Starting at the line with "this 2212×1659 image.", repeat every line exactly until the records end, including the last one.

Image-backed grounding data
== == ==

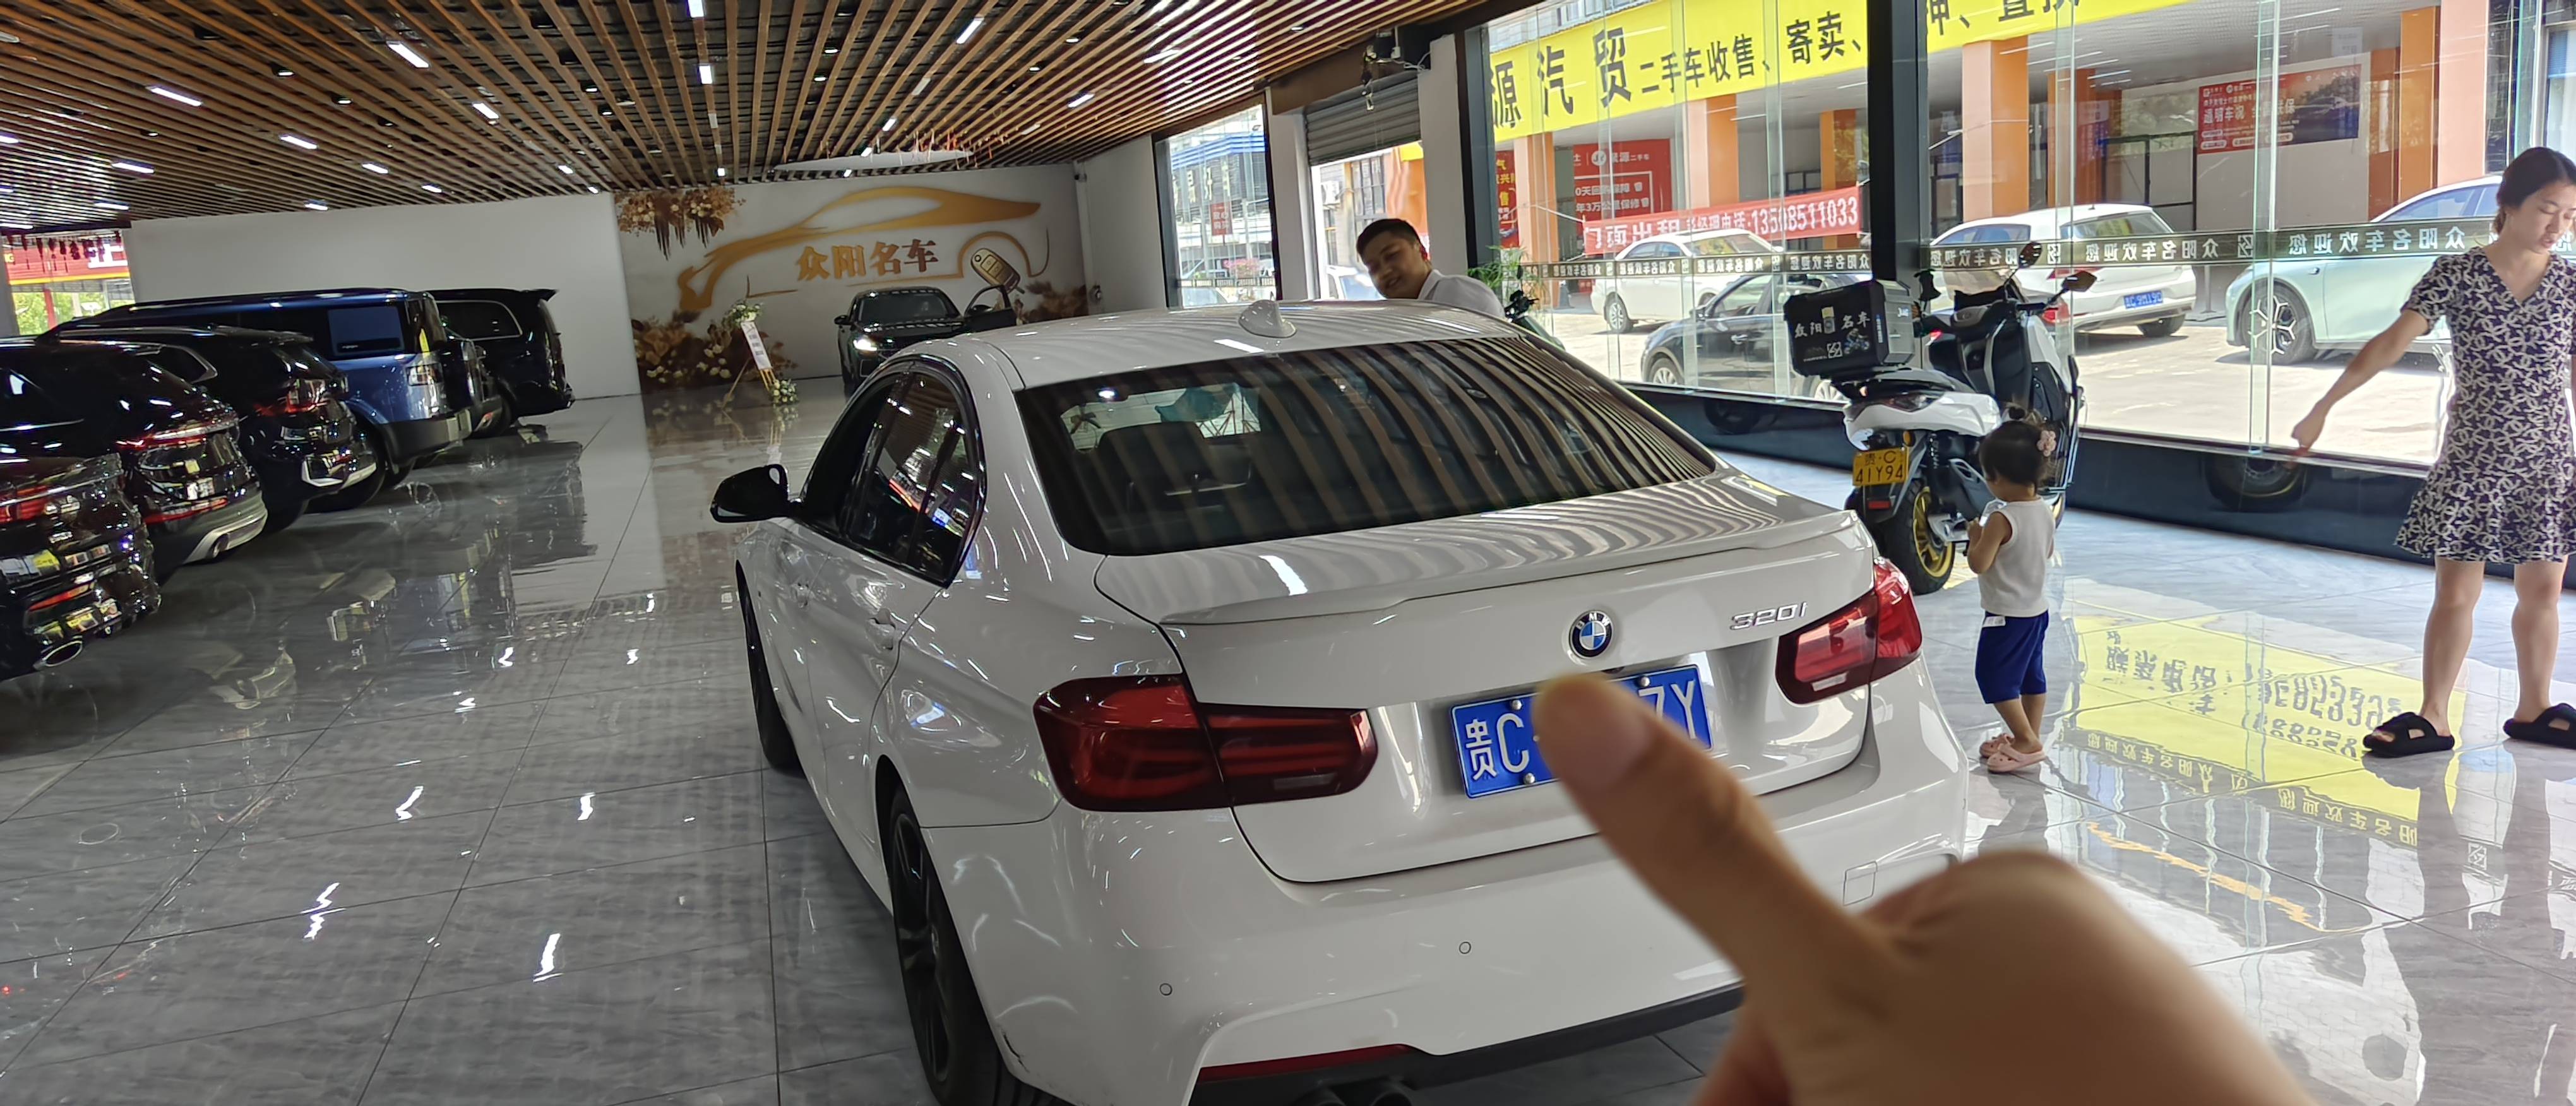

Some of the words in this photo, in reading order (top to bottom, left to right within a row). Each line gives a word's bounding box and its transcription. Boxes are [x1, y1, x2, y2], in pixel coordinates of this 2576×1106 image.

[1585, 218, 1681, 249] 门面出租
[796, 239, 939, 281] 众阳名车
[1794, 322, 1822, 339] 众阳
[1841, 311, 1871, 330] 名车
[1856, 464, 1904, 484] 41Y94
[1576, 612, 1611, 630] BMW
[1730, 601, 1808, 631] 320i
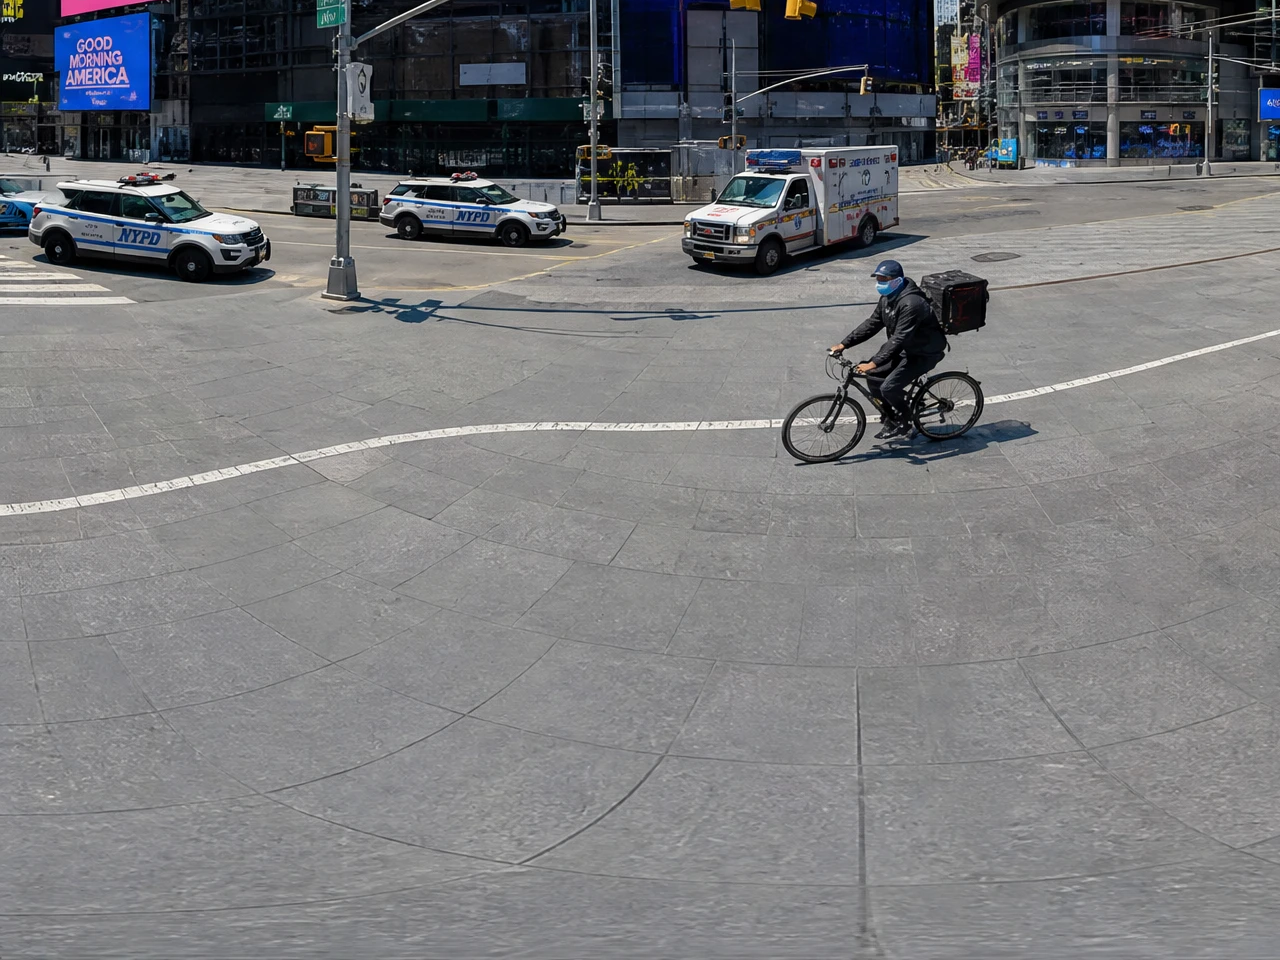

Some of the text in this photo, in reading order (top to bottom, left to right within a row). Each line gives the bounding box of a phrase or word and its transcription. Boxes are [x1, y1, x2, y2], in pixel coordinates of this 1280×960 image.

[76, 36, 113, 53] GOOD
[69, 50, 123, 69] MORNING
[65, 66, 130, 86] AMERICA
[455, 210, 491, 222] NYPD
[117, 228, 161, 246] NYPD
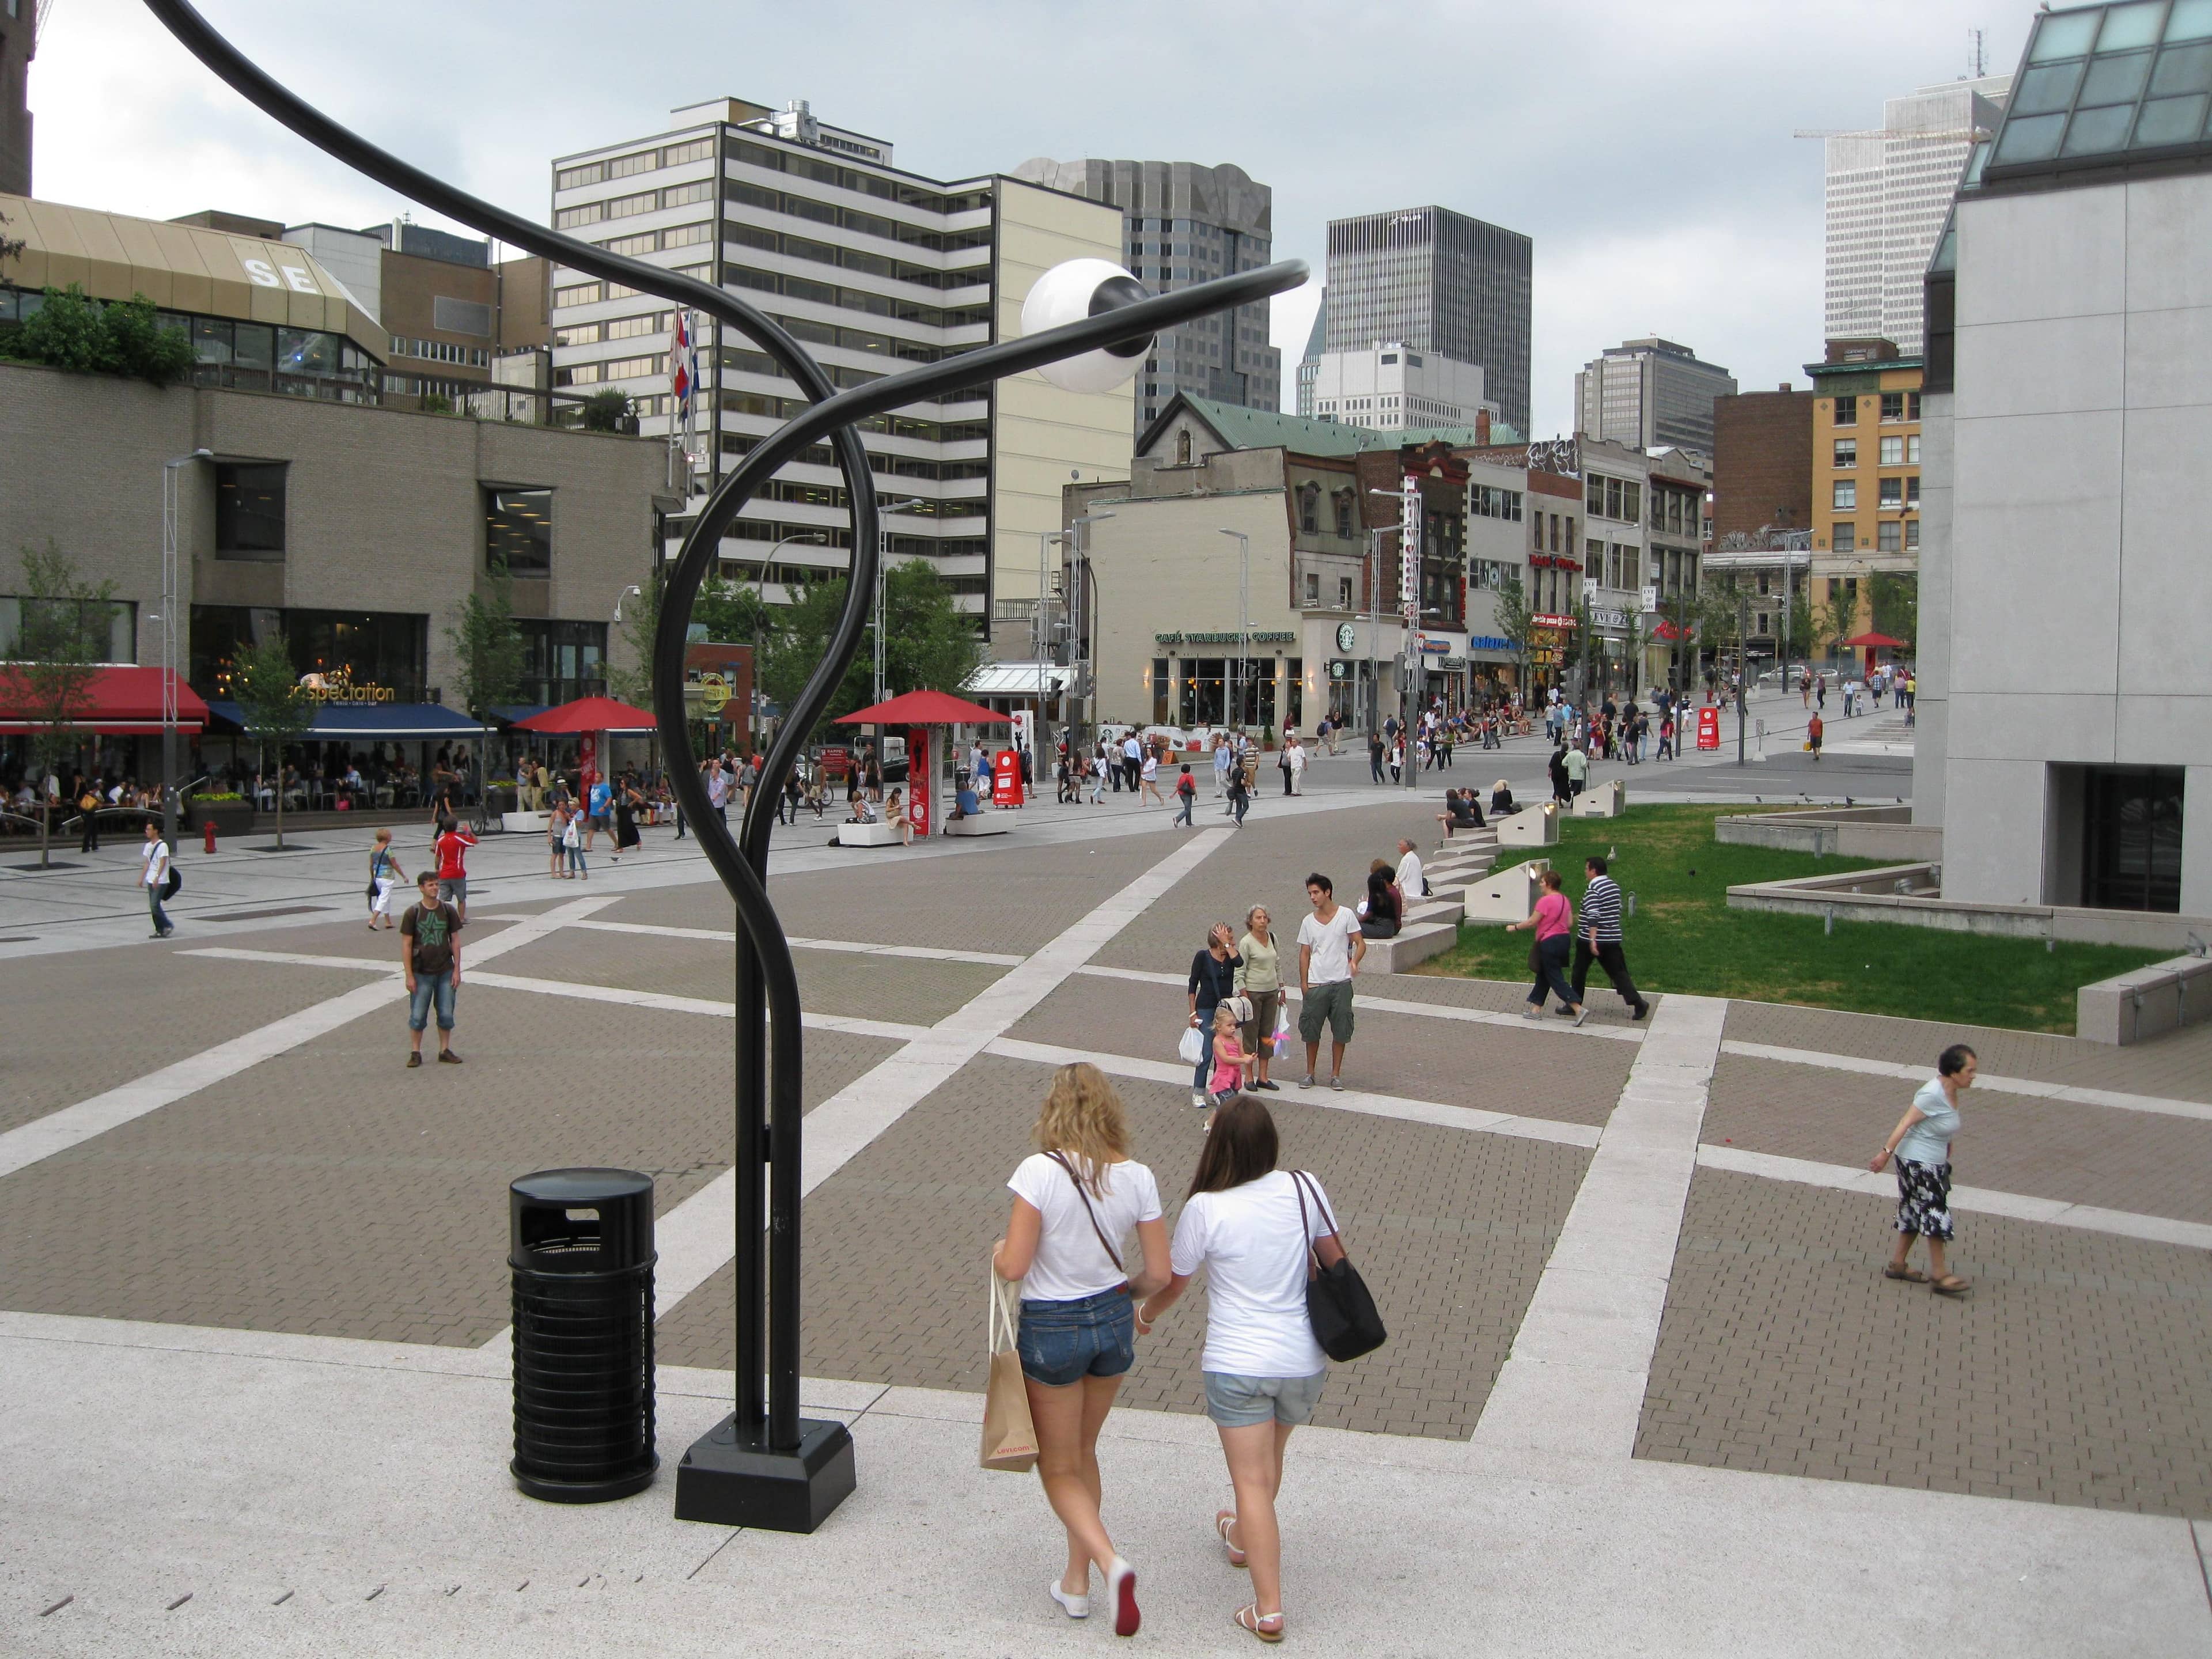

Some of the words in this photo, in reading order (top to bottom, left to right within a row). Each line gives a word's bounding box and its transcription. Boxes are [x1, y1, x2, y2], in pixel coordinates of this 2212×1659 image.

[1402, 214, 1422, 222] TELUS
[245, 259, 318, 294] SE
[1594, 612, 1611, 623] EVE
[1155, 630, 1181, 642] CAFÉ
[1252, 631, 1294, 642] COFFEE

== == ==

**YOUR SOLUTION:**
Some of the words in this photo, in reading order (top to bottom, left to right within a row). Each line gives a word's bounding box and its transcription. Boxes are [x1, y1, x2, y2], in pixel coordinates of this 2212×1659 image.

[1402, 214, 1422, 222] TELUS
[245, 259, 318, 294] SE
[1594, 612, 1611, 623] EVE
[1155, 630, 1181, 642] CAFÉ
[1252, 631, 1294, 642] COFFEE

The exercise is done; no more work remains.